*PROBLEM REQUIREMENTS*. Images are to be skipped; everything else in the records must be repeated exactly.

*RECORDS FOR THIS EXERCISE*.
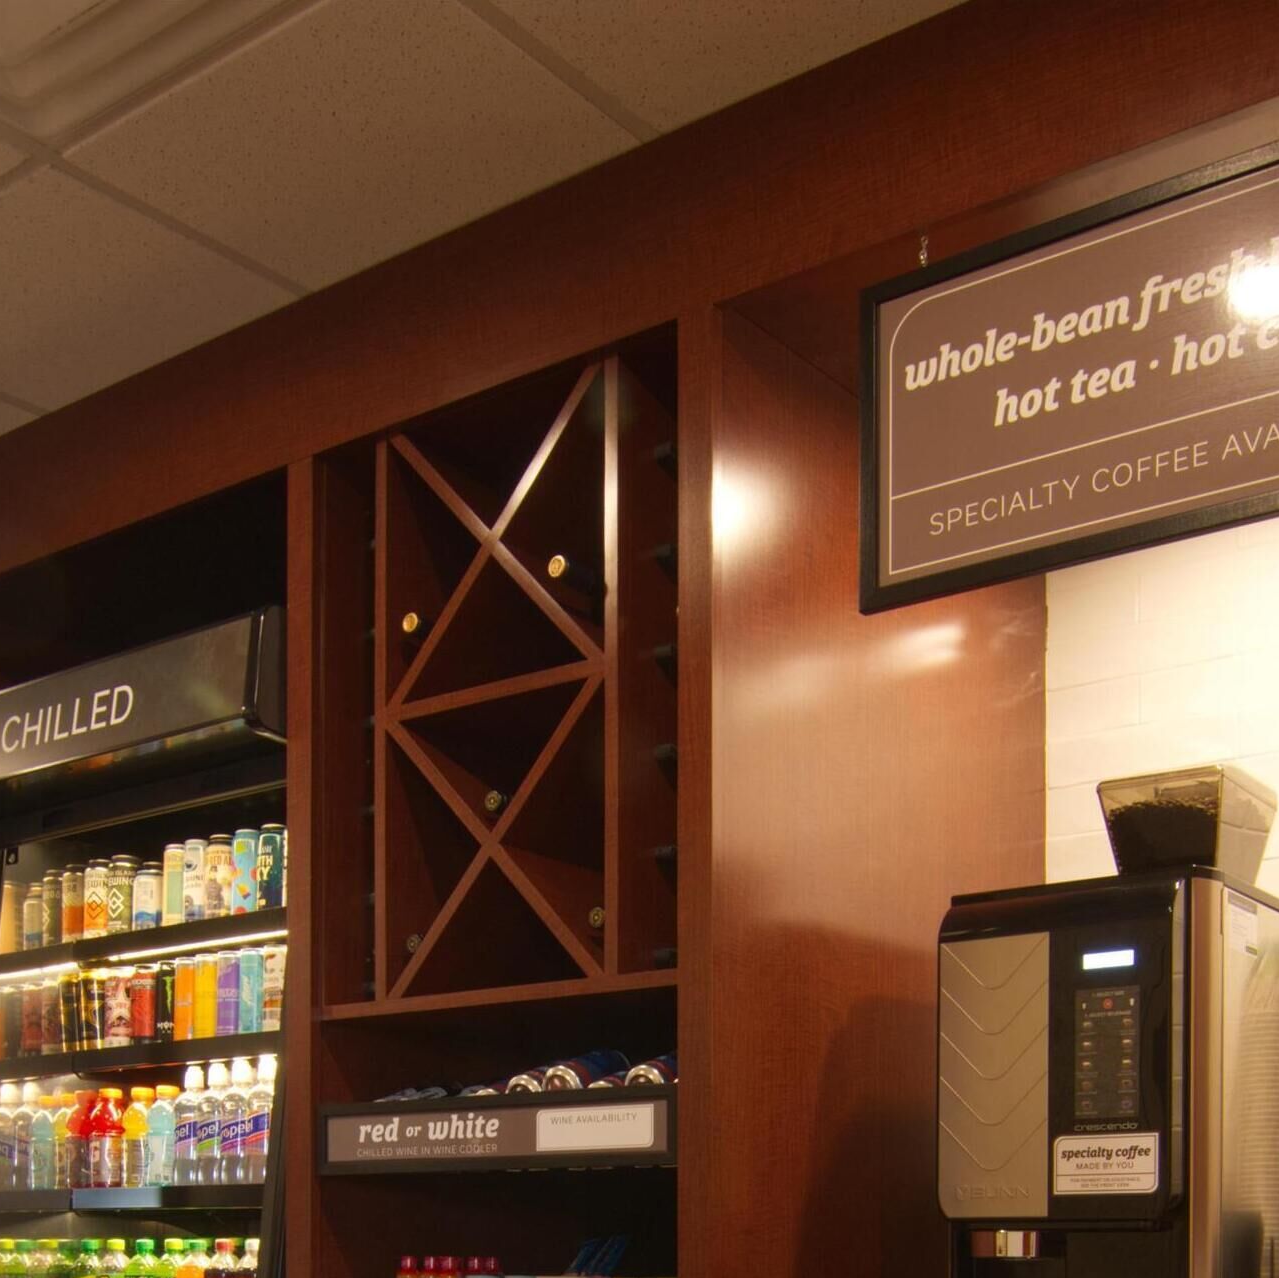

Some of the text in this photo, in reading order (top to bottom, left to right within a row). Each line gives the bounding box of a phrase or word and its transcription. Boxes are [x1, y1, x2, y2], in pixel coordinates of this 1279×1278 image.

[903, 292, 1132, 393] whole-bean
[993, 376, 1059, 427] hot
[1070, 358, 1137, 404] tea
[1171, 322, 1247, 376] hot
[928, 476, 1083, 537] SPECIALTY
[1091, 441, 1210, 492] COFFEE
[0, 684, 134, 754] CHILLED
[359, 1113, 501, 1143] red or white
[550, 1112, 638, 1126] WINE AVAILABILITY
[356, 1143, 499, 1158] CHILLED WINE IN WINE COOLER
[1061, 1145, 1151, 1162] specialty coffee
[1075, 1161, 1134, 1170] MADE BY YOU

*RESPONSE TO THE TASK*.
Some of the text in this photo, in reading order (top to bottom, left to right within a row). Each line gives the bounding box of a phrase or word and its transcription. Boxes are [x1, y1, x2, y2], in pixel coordinates of this 1279×1278 image.

[903, 292, 1132, 393] whole-bean
[993, 376, 1059, 427] hot
[1070, 358, 1137, 404] tea
[1171, 322, 1247, 376] hot
[928, 476, 1083, 537] SPECIALTY
[1091, 441, 1210, 492] COFFEE
[0, 684, 134, 754] CHILLED
[359, 1113, 501, 1143] red or white
[550, 1112, 638, 1126] WINE AVAILABILITY
[356, 1143, 499, 1158] CHILLED WINE IN WINE COOLER
[1061, 1145, 1151, 1162] specialty coffee
[1075, 1161, 1134, 1170] MADE BY YOU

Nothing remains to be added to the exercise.